--- START ---

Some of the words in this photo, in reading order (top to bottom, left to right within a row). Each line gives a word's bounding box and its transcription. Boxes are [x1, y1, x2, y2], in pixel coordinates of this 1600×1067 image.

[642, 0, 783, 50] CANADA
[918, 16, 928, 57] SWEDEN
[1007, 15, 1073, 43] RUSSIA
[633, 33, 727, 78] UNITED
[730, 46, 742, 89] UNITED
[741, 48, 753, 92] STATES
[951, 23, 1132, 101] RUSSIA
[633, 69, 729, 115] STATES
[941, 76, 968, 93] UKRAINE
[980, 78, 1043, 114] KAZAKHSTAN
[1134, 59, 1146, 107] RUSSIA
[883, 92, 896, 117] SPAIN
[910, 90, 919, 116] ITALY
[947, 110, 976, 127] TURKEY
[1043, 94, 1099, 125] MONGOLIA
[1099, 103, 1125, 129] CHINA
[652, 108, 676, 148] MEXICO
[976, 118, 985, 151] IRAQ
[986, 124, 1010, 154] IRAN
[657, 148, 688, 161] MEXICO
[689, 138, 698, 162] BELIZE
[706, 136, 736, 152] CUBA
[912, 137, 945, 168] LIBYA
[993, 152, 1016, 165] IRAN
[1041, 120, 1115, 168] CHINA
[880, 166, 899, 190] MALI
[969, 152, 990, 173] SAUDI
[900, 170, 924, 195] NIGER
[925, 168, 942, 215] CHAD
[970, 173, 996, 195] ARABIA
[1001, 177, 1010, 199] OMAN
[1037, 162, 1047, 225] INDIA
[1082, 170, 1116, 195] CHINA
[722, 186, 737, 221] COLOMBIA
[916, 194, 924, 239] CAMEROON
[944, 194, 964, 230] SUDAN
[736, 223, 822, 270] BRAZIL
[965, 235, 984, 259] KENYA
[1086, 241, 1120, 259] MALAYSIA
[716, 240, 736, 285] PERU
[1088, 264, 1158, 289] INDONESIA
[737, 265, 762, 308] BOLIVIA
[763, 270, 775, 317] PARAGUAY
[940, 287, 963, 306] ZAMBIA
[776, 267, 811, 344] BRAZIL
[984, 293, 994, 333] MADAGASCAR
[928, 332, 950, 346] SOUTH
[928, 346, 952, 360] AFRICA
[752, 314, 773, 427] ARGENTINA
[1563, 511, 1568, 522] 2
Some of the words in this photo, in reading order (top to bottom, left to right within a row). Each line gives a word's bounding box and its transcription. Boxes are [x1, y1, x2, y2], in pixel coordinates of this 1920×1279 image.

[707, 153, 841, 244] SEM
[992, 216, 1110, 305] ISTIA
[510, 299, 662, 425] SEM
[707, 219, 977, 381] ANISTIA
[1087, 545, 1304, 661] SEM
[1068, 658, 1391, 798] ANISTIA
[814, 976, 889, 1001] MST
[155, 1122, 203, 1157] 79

--- END ---

* WORK ITEM *
This exercise calls for an exact reproduction of the material.

* EXERCISE SOLUTION *
Some of the words in this photo, in reading order (top to bottom, left to right within a row). Each line gives a word's bounding box and its transcription. Boxes are [x1, y1, x2, y2], in pixel coordinates of this 1600×1067 image.

[642, 0, 783, 50] CANADA
[918, 16, 928, 57] SWEDEN
[1007, 15, 1073, 43] RUSSIA
[633, 33, 727, 78] UNITED
[730, 46, 742, 89] UNITED
[741, 48, 753, 92] STATES
[951, 23, 1132, 101] RUSSIA
[633, 69, 729, 115] STATES
[941, 76, 968, 93] UKRAINE
[980, 78, 1043, 114] KAZAKHSTAN
[1134, 59, 1146, 107] RUSSIA
[883, 92, 896, 117] SPAIN
[910, 90, 919, 116] ITALY
[947, 110, 976, 127] TURKEY
[1043, 94, 1099, 125] MONGOLIA
[1099, 103, 1125, 129] CHINA
[652, 108, 676, 148] MEXICO
[976, 118, 985, 151] IRAQ
[986, 124, 1010, 154] IRAN
[657, 148, 688, 161] MEXICO
[689, 138, 698, 162] BELIZE
[706, 136, 736, 152] CUBA
[912, 137, 945, 168] LIBYA
[993, 152, 1016, 165] IRAN
[1041, 120, 1115, 168] CHINA
[880, 166, 899, 190] MALI
[969, 152, 990, 173] SAUDI
[900, 170, 924, 195] NIGER
[925, 168, 942, 215] CHAD
[970, 173, 996, 195] ARABIA
[1001, 177, 1010, 199] OMAN
[1037, 162, 1047, 225] INDIA
[1082, 170, 1116, 195] CHINA
[722, 186, 737, 221] COLOMBIA
[916, 194, 924, 239] CAMEROON
[944, 194, 964, 230] SUDAN
[736, 223, 822, 270] BRAZIL
[965, 235, 984, 259] KENYA
[1086, 241, 1120, 259] MALAYSIA
[716, 240, 736, 285] PERU
[1088, 264, 1158, 289] INDONESIA
[737, 265, 762, 308] BOLIVIA
[763, 270, 775, 317] PARAGUAY
[940, 287, 963, 306] ZAMBIA
[776, 267, 811, 344] BRAZIL
[984, 293, 994, 333] MADAGASCAR
[928, 332, 950, 346] SOUTH
[928, 346, 952, 360] AFRICA
[752, 314, 773, 427] ARGENTINA
[1563, 511, 1568, 522] 2
Some of the words in this photo, in reading order (top to bottom, left to right within a row). Each line gives a word's bounding box and its transcription. Boxes are [x1, y1, x2, y2], in pixel coordinates of this 1920×1279 image.

[707, 153, 841, 244] SEM
[992, 216, 1110, 305] ISTIA
[510, 299, 662, 425] SEM
[707, 219, 977, 381] ANISTIA
[1087, 545, 1304, 661] SEM
[1068, 658, 1391, 798] ANISTIA
[814, 976, 889, 1001] MST
[155, 1122, 203, 1157] 79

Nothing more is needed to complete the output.